The last film Joan did was "Sixth Sense," and that was three years ago. Three years. What a waste. She was recently asked to guest star in an hour episode of a TV series. But the script didn't arrive on her agent's desk until Friday, and they expected her to be in California to begin shooting on Monday, and at that she balked. To work without sleep is one thing -- acceptable and reasonable -- but being hustled is another. One of the shiniest stars of Hollywood's days of brilliance, she was always careful not to abuse her privileges. (She was known, for example, for her eagerness to cut lines from her own roles on the grounds that they were repetitious or unneccessary -- that a look or a gesture would serve better -- but she was also known to broach these suggestions to her directors during pauses in the action so as not to hold up the day's work, to be willing to rehearse the scene his way and her way, and to accept the decision gracefully and graciously if it went against her.) She expects, in turn, not to be professionally abused. It is not that her ego is on the line -- she knows how good she is and how much admired. It is not that needs the money. It is simply that she loves to work, she has always worked, and that it is absurd to let her talents go to waste.

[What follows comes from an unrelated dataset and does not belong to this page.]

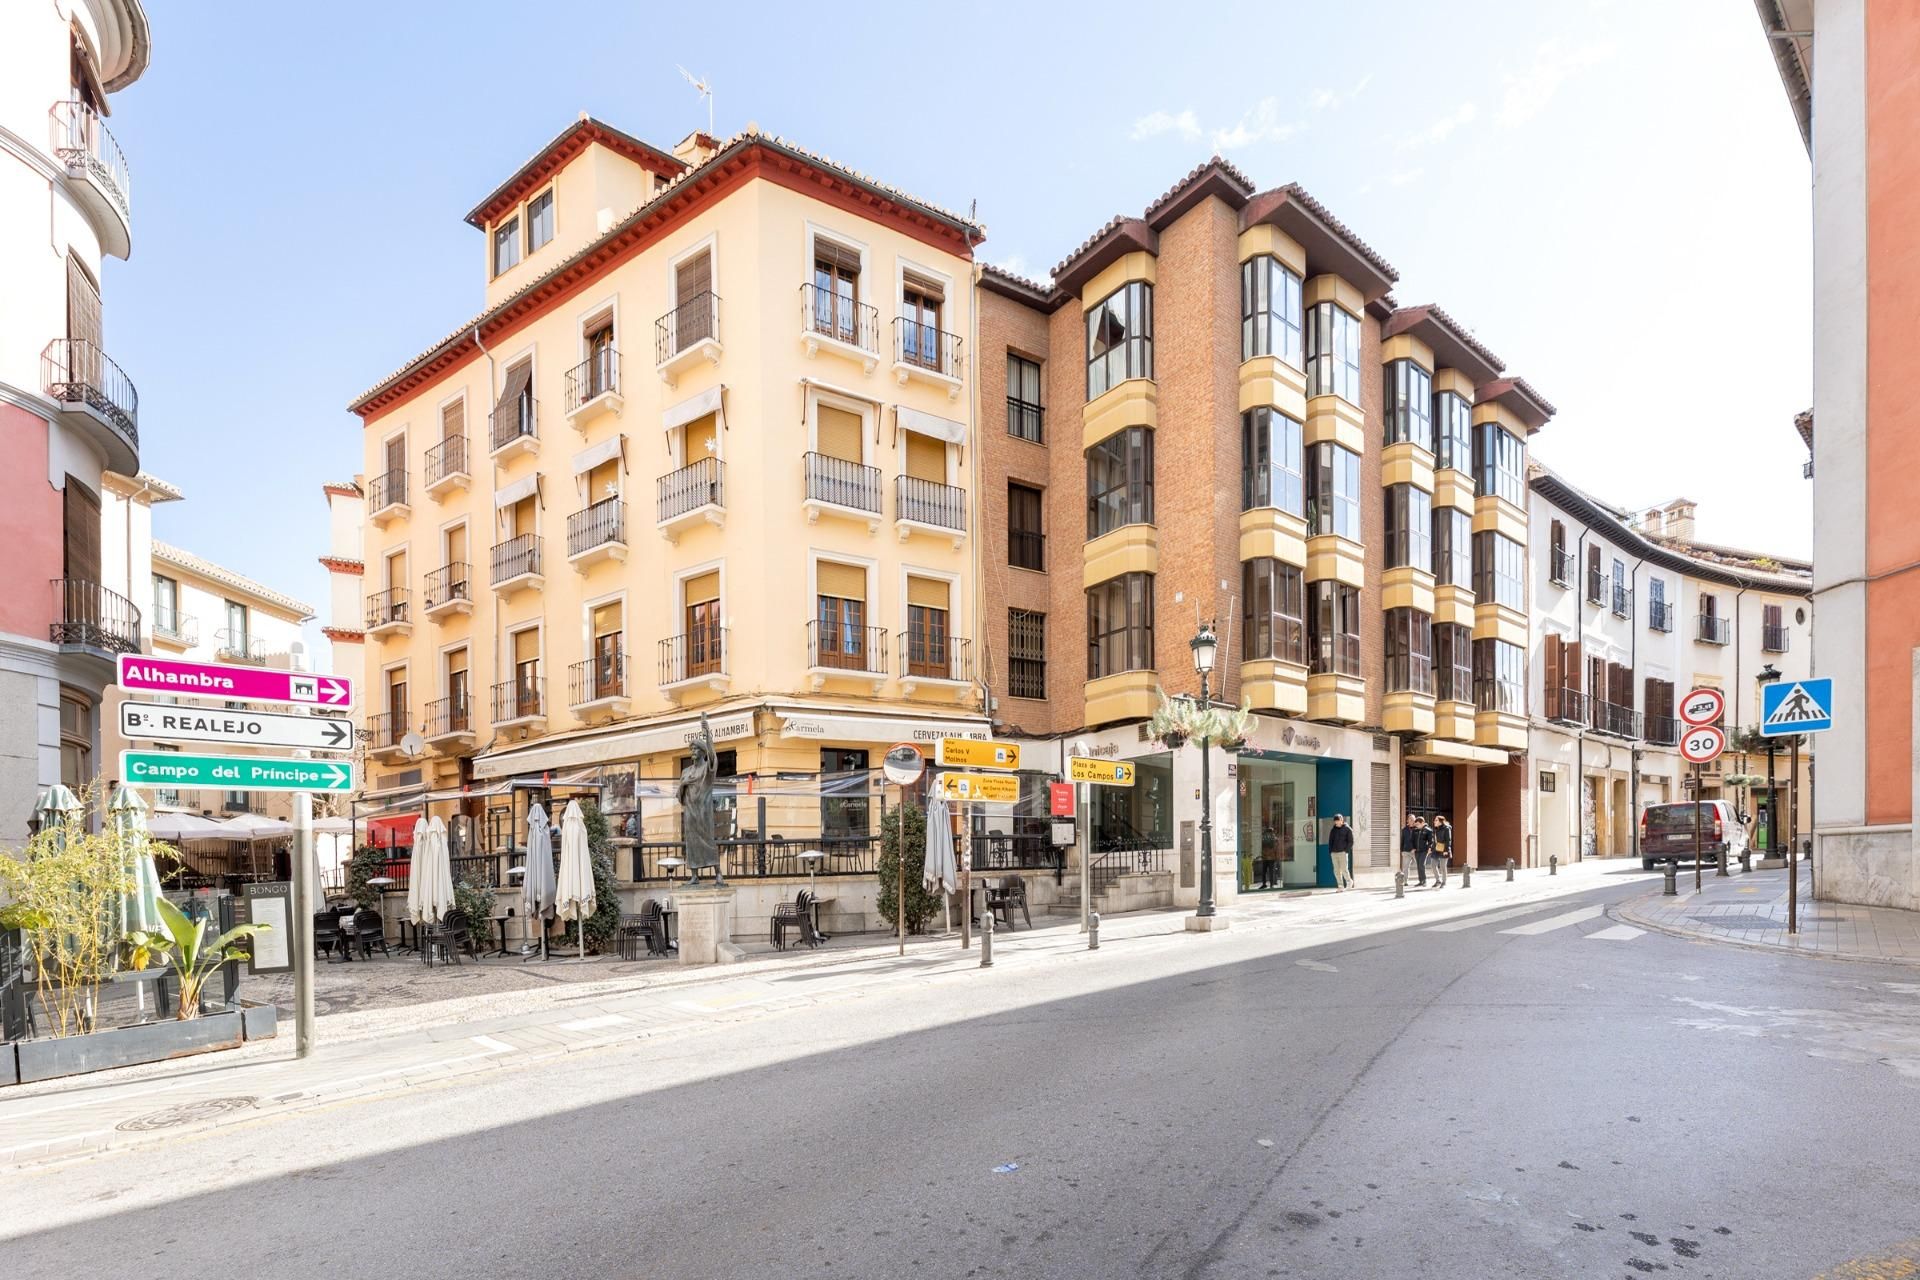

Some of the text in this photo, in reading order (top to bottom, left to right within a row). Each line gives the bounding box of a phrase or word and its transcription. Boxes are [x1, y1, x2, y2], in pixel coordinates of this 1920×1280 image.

However, that is out of her hands. Others have to write the scripts, produce the films, offer the parts. To sit around moping would be even more wasteful. For the past 20 years, she has had her business career and served as public relations superstar for Pepsi. She has had her home, her friends. She has also had the best of her several marriages -- to Pepsi executive Alfred Steele -- and has seen her four children off into the world. She has become a grandmother several times over, and has written books about life in general and hers in particular. She has travelled enough to have circumnavigated the globe a dozen times. She has been immensely busy, reasonably happy, a little lonely, rather frequently hassled.

And then, this winter, she took that personal inventory. It was both physical and emotional. "It's the physical things that give you the clue that you should look into your mental state. I felt tired, so I asked myself why. The answer was pressure. That seemed to be the answer to a great many questions. I've lived under pressure all my life. I can take it; I always have. But I realize now that I don't have to take it anymore. It is within my power to decide which things I am going to do, and when, and which I am not going to do. I can make room for the things I've always wanted to do and have never had time for.

"One of those things is to get the education I never finished. I am going to study English literature. I want to read. Look at all these books waiting for me, and new ones coming in constantly.

"And I want to write. I have so much inside me that I am bursting with it. When I made inquiries about teachers I was asked if I wanted to study creative writing. I said no, creativity is the thing I have. I am hoping that the literature I am going to study will cure me of over-writing. I need structure, foundation.

"And, above everything else, I want to be alone much of the time. I have lived my entire life publicly. I have so rarely had privacy, real privacy. Now I treasure it. I find that everything I do, I do better in serenity. I love my family, my children and their children, but I raised them to lead their own lives, and I must lead mine. These moments alone are very precious to me, and I want more and more of them."

She speaks with absolute sincerity. But I know that if a good script, a Joan Crawford script about a woman of strength and passion, came along at last, the precious moments alone, the books and the writing-in-progress would all be abandoned without a backward glance. I know that Joan Crawford would paint that famous slash of a mouth on once more, fly anywhere on the face of the earth, live in a tent and get up at a quarter to three in the morning. She would have a ball and we would have another Joan Crawford performance in which to rejoice. But I think that when it was over, she would come home again, refreshed and happy, to the things she left behind. She loves them very much. It's no wonder she's frankly greedy for her new life. It is a good, rich life she has fashioned for herself -- and she has, indeed, earned the right to live it.